A group of 115 hospitals sued HHS in an attempt to prevent the department from retroactively changing how it calculates Medicare Part A disproportionate share hospital payments for patients who were enrolled in Medicare Advantage plans under Part C of the Medicare Act.

The federal lawsuit was filed Jan. 4 by a coalition of Nashville, Tenn.-based HCA Healthcare and Irving, Texas-based Christus Health hospitals. The hospitals are states including California, Colorado, Utah and Florida. 

The hospitals' lawsuit concerns a 2004 Medicare policy change that included a new methodology for allocating Medicare Part C days in the disproportionate share hospital calculation formula. 

The U.S. Court of Appeals has ruled against HHS in several different actions brought by hospitals challenging the 2004 policy. The U.S. Supreme Court also recently upheld the appeals court decision, according to the complaint. 

Despite those court rulings, HHS proposed in August 2020 to readopt the calculation policy and apply it retroactively.  

In the lawsuit, the hospitals argue that HHS is disregarding the court decisions.
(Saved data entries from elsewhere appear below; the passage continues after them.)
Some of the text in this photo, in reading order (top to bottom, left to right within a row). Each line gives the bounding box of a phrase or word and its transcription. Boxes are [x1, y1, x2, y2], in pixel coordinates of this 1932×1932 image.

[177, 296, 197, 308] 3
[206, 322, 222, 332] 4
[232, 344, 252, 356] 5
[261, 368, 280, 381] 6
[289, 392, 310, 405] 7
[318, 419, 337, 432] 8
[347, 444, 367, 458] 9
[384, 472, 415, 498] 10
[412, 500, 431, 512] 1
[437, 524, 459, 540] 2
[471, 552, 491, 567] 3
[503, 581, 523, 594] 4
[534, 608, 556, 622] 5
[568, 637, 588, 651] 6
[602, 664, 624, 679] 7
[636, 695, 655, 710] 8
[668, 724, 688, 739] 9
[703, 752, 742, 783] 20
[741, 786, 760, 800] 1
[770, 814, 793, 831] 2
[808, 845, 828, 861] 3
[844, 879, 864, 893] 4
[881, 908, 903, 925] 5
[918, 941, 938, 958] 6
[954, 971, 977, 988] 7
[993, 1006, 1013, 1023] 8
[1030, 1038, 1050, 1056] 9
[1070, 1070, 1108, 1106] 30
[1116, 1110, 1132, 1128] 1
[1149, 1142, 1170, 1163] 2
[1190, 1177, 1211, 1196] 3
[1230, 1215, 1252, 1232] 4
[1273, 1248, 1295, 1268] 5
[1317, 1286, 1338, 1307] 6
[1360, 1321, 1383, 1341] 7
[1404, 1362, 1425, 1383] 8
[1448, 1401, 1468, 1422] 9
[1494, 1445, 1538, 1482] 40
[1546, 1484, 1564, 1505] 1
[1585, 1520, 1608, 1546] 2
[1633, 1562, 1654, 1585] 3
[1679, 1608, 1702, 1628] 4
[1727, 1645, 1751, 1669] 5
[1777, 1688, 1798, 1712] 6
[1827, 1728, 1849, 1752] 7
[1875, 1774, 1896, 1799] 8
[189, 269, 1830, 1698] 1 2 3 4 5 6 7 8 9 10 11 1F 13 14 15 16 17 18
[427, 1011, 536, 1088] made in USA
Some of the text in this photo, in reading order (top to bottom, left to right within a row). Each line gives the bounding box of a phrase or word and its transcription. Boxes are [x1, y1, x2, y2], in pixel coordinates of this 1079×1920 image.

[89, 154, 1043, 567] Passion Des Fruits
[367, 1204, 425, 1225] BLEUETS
"The agency’s continued attempts to apply the 2004 policy should be rejected because they are procedurally invalid, as the Court of Appeals has now twice ruled, fail any test of reasoned decision-making, and are inconsistent with congressional intent in adopting the Medicare DSH statute," the complaint states. 

The hospitals argue that the HHS attempts to apply the policy should be rejected and are asking the court to declare any payment determinations reflecting the policy change invalid. 

"The agency has never acknowledged the enormous adverse financial impact on hospitals of the 2004 policy change, nor has the agency ever explained why the policy change is appropriate despite that adverse impact on the nation's safety-net hospitals," the complaint states.

Several other hospitals from Danville, Pa.-based Geisinger and Durham, N.C.-based Duke Health also sued HHS over the policy change. The hospitals were Duke Raleigh (N.C.) Hospital, Durham Regional Hospital, Geisinger Medical Center in Danville, Geisinger Wyoming Valley Medical Center in Wilkes-Barre, Pa., and The Washington (Pa.) Hospital. Their federal lawsuit was filed Dec. 21.